Encontro Marcado

 

                                                                              *Luiz Paulo Vellozo Lucas

            Epicentro mundial da pandemia do Covid-19, o Brasil vive meses estressados pela crise sanitária e econômica em meio à luta política radicalizada e judicializada, que se reflete no dia a dia das pessoas. O mundo virtual, turbinado pelo isolamento da quarentena, fervilha intensamente de militância espontânea e profissionalizada com apoio de robôs nas redes sociais e em grupos de discussão como num “reality show” eletrizante e interminável. Tudo parece convergir e depender de um desfecho para esta novela.

“Deixa o governo governar” dizem aqueles que enxergam Bolsonaro como sendo um cavaleiro andante da virtude e do patriotismo enfrentando instituições carcomidas pela velhacaria e pela corrupção. “Somos 70% da população contra o fascismo” dizem os que se opõem ao governo e abraçam a defesa das instituições e o “fora Bolsonaro”. Como pensar em eleições municipais nessa situação?

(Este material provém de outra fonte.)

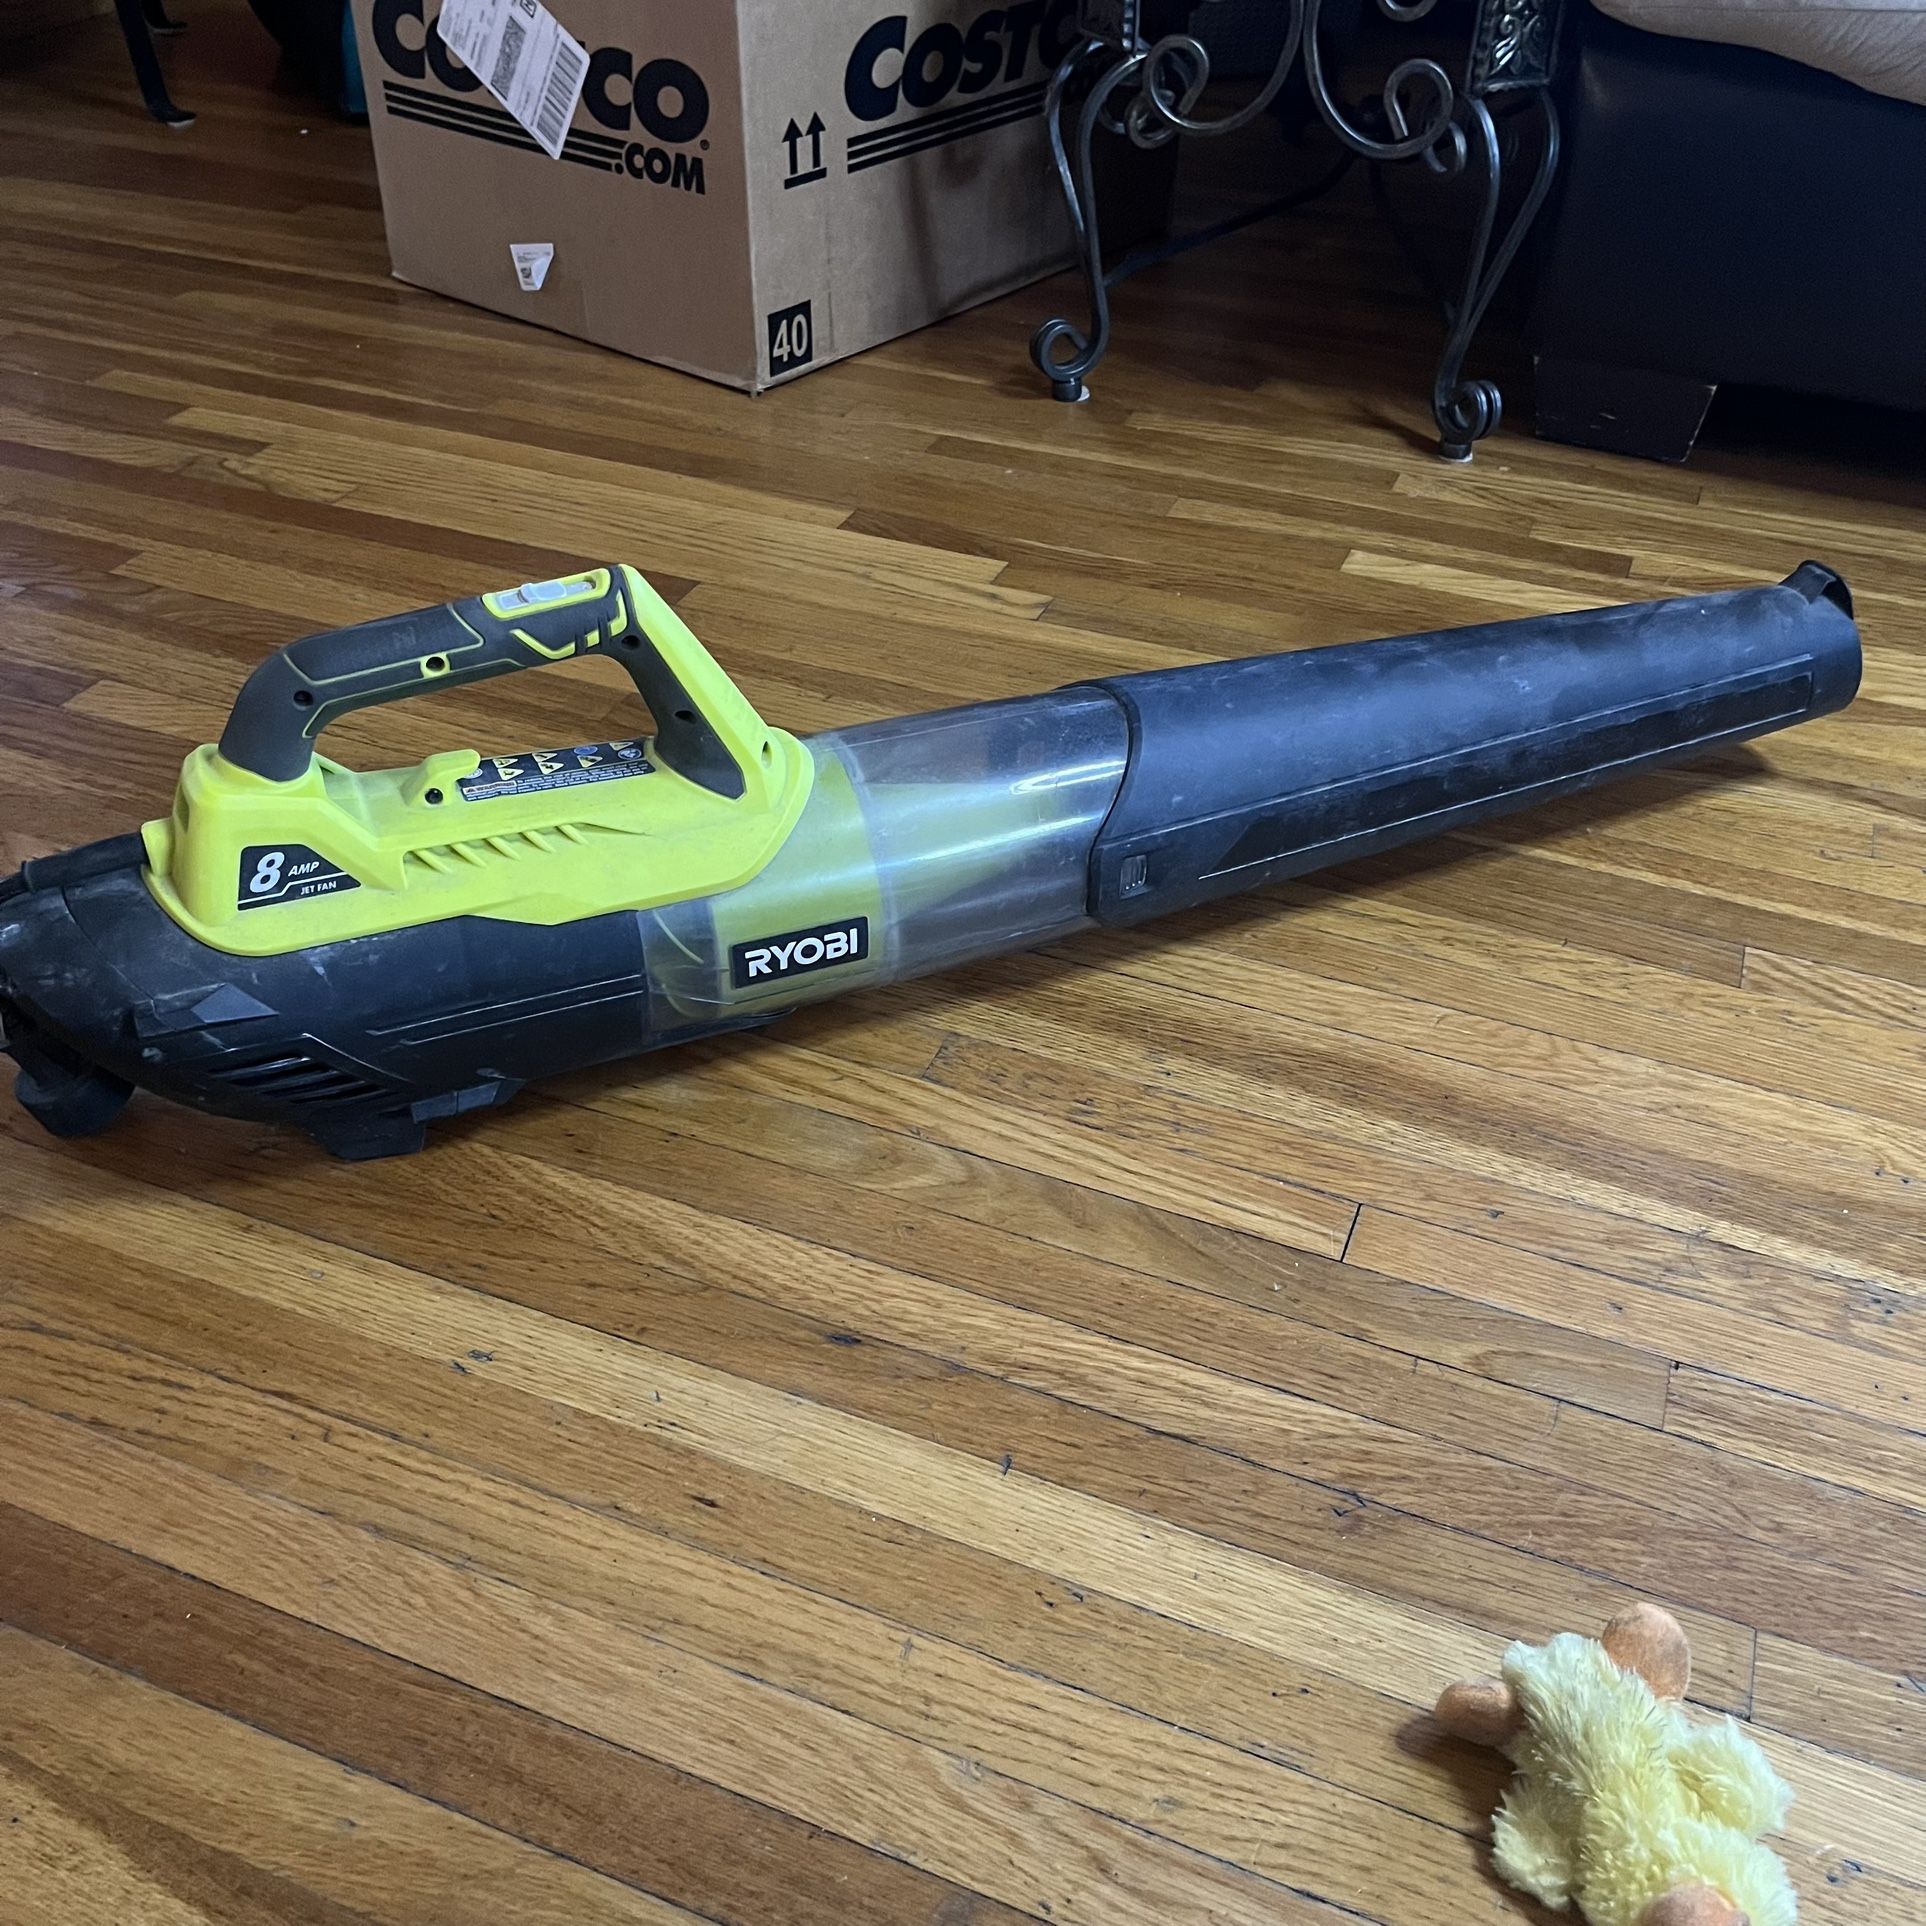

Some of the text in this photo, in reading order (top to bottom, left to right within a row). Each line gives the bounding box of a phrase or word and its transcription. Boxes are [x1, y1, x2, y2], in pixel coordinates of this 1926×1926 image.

Enquanto houver um calendário eleitoral a cumprir é porque a democracia ainda está viva e pode fazer ressurgir sua força transformadora. Em 1974 a limitada liberdade remanescente no Brasil sobrevivia respirando por aparelhos numa estreita fresta institucional. A vitória eleitoral do MDB naquele ano foi o ponto de apoio que alavancou a luta política e a agenda democrática do país por dez anos acumulando forças até o fim da ditadura militar. A força transformadora das eleições derrotou o regime e também aqueles que descrentes na democracia sonhavam com luta armada para impor seu projeto de país.

Na eleição a população tem um encontro marcado com as instituições e com seu destino histórico. Não haverá desfecho da crise nacional antes do pleito municipal de 2020. Os eleitores serão chamados a escolher prefeitos e vereadores num cenário nacional dividido e conturbado, onde estarão juntas e misturadas todas as frustrações, indignação e revolta com as desigualdades e injustiças acumuladas. A vida nas cidades estará no centro das atenções junto com ideias sobre o que deveremos fazer a partir de janeiro de 2021.

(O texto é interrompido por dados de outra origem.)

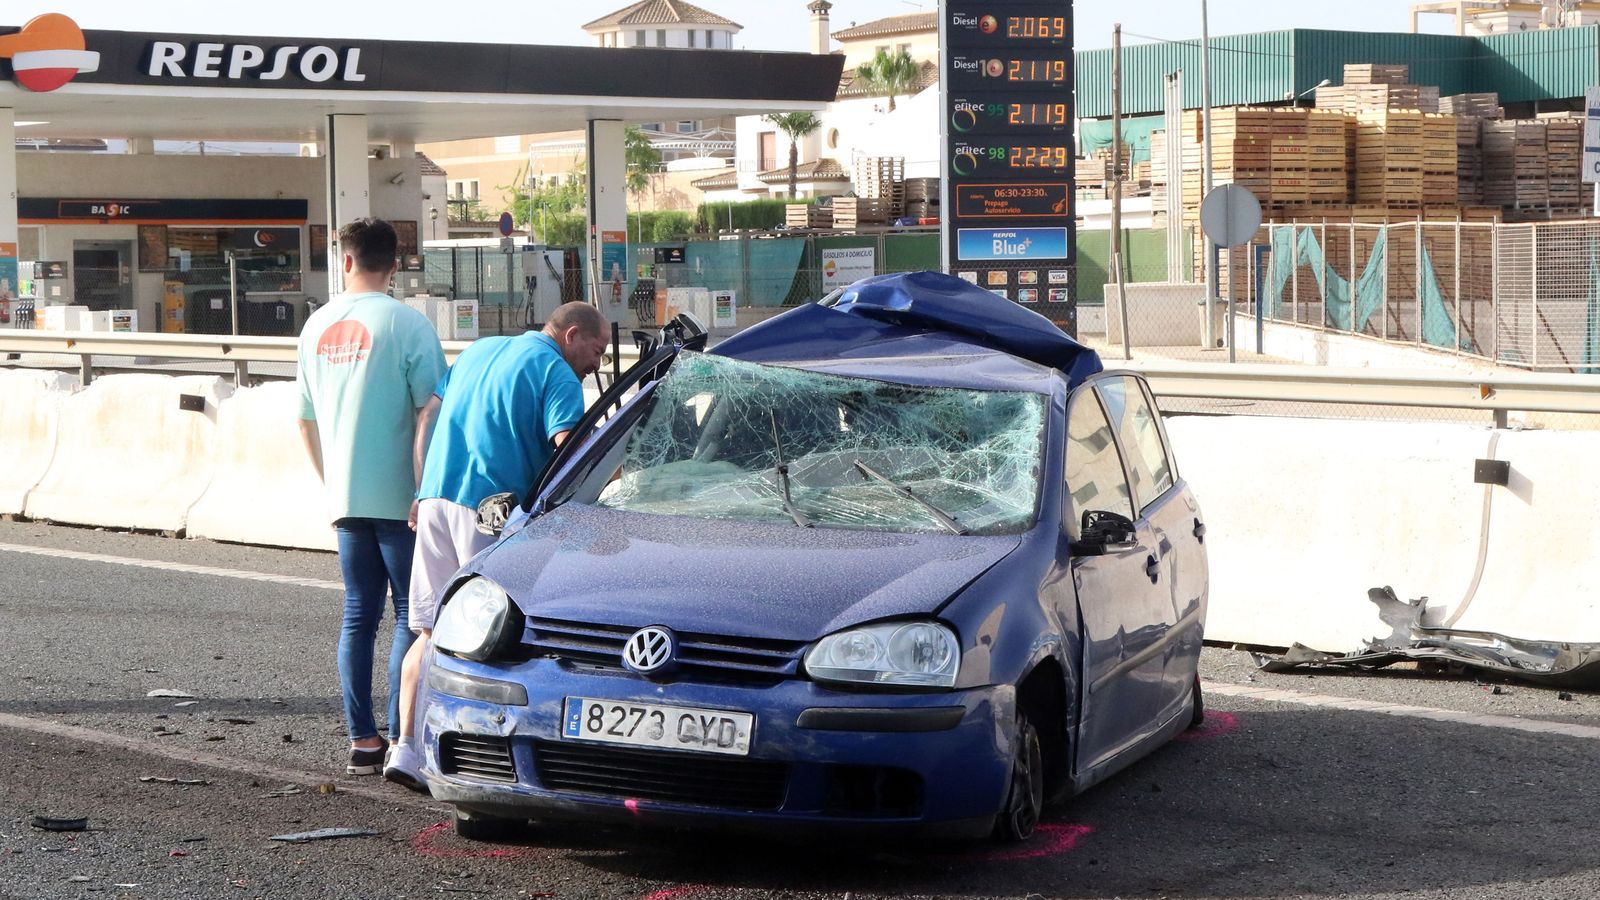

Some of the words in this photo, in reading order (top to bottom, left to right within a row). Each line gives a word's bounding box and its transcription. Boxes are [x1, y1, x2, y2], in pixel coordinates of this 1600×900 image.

[953, 16, 978, 25] Diesel
[1009, 17, 1064, 37] 2.069
[148, 41, 366, 82] REPSOL
[953, 60, 978, 69] Diesel
[1009, 60, 1065, 80] 2.119
[954, 102, 985, 112] efitec
[987, 104, 1005, 116] 95
[1009, 103, 1066, 124] 2.119
[955, 146, 986, 155] efitec
[988, 147, 1006, 160] 98
[1010, 147, 1067, 167] 2.229
[91, 203, 130, 216] BASIC
[984, 200, 1009, 208] Prepago
[569, 721, 577, 730] E
[586, 703, 665, 740] 8273
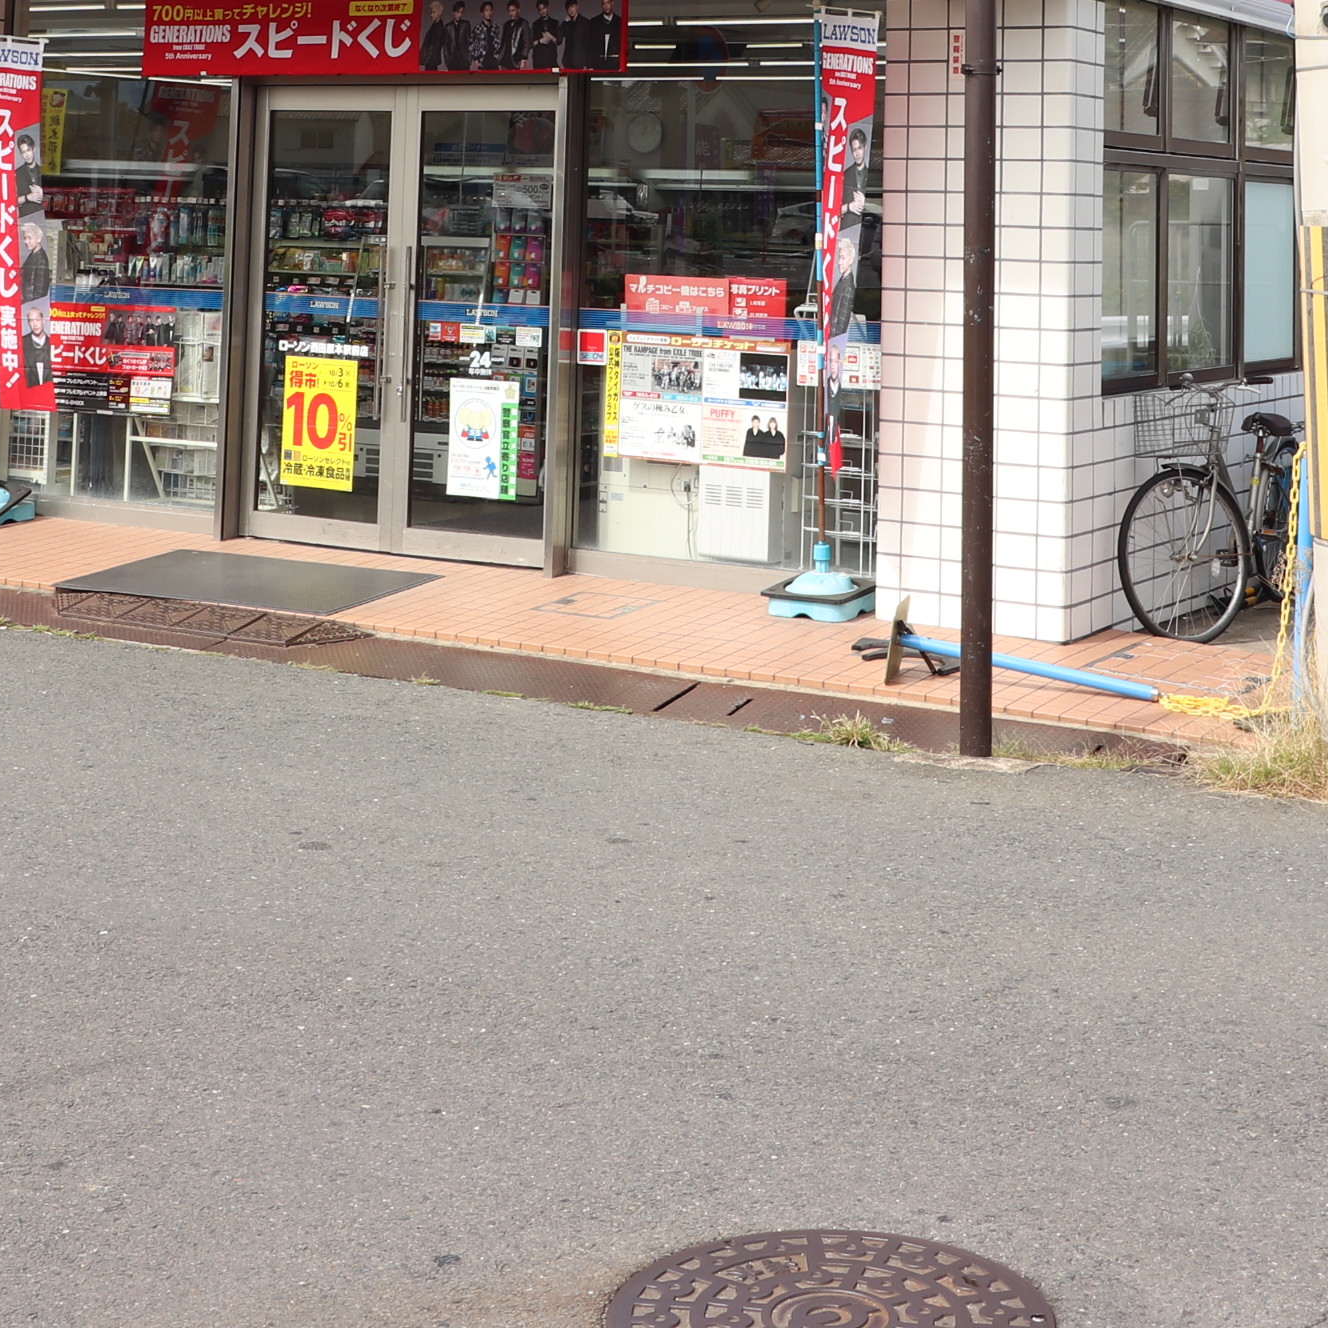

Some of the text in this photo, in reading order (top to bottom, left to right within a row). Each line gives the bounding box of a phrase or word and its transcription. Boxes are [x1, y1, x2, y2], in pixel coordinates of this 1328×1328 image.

[150, 25, 231, 43] GENERATIONS
[233, 18, 412, 60] スピードくじ
[823, 23, 876, 45] LAWSON
[165, 52, 212, 61] 5th Anniversary
[823, 52, 874, 75] GENERATIONS
[629, 283, 725, 297] マルチコピー機はこちら
[730, 284, 780, 297] 写真プリント
[310, 301, 339, 309] LAWSON
[50, 345, 107, 365] ピードくじ
[634, 346, 658, 354] RAMPAGE
[659, 347, 671, 355] from
[292, 361, 318, 370] ローソン
[469, 350, 491, 368] 24
[711, 409, 735, 418] PUFFY

O voto é sempre um ato de confiança e enfrentar os desafios colocados pela crise urbana em cada cidade neste momento é o caminho que a democracia brasileira oferece a todos os cidadãos, militantes virtuais ou não, cansados ou descrentes de um desfecho para a crise nacional que se mobilizarem para participar das eleições municipais.

O poder local precisa conquistar a confiança das pessoas e passar a ser compreendido como elemento chave para a solução dos problemas e angústias do dia a dia da população. O primeiro passo é valorizar a solução local, como fizeram os primeiros brasileiros desde a Independência em 1822 nas Câmaras Municipais, como nos relata Jorge Caldeira em seu livro “Historia da Riqueza no Brasil”. As instituições do Estado e a vida econômica e social do país precisam de reformas que permitam e desobstruam o protagonismo do poder local mas não podemos ficar esperando  que as soluções venham de Brasília. Elas não virão!

Os prefeitos e vereadores eleitos em 2020 serão desafiados a conquistar e acumular confiança pública e capital cívico para dar conta de governar seus municípios nesta crise. A renovação das lideranças locais em eleições  livres pode inaugurar uma agenda democrática e reformista visando  corrigir e fazer avançar as instituições que estruturam o estado brasileiro em um processo de baixo para cima. Começa no processo eleitoral deste ano debatendo, sem as muletas do populismo e do pensamento mágico, soluções viáveis de enfrentamento pactuado do déficit de vida urbana civilizada e da exclusão social tanto nas metrópoles com suas favelas quanto nos distritos e vilas do interior distantes do dinamismo industrial.

A agenda reformista precisa sair das caixinhas setoriais para adotar o ponto de vista das cidades que é o ponto de vista das pessoas. O desafio das reformas é um só, intersetorial e holístico. A cidade integra todas as dimensões: fiscal e tributária, política e federativa, social e econômica, tecnológica, ambiental e humana. O desafio das eleições municipais é abrir caminho para esta agenda em cada cidade e para o Brasil.

Joan Clos, ex-prefeito de Barcelona e ex-diretor da ONU-Habitat dizia que o único caminho para se construir um país desenvolvido é construir boas cidades.

* Engenheiro. Ex-prefeito de Vitória-ES. Mestrando em Desenvolvimento Sustentável na UFES.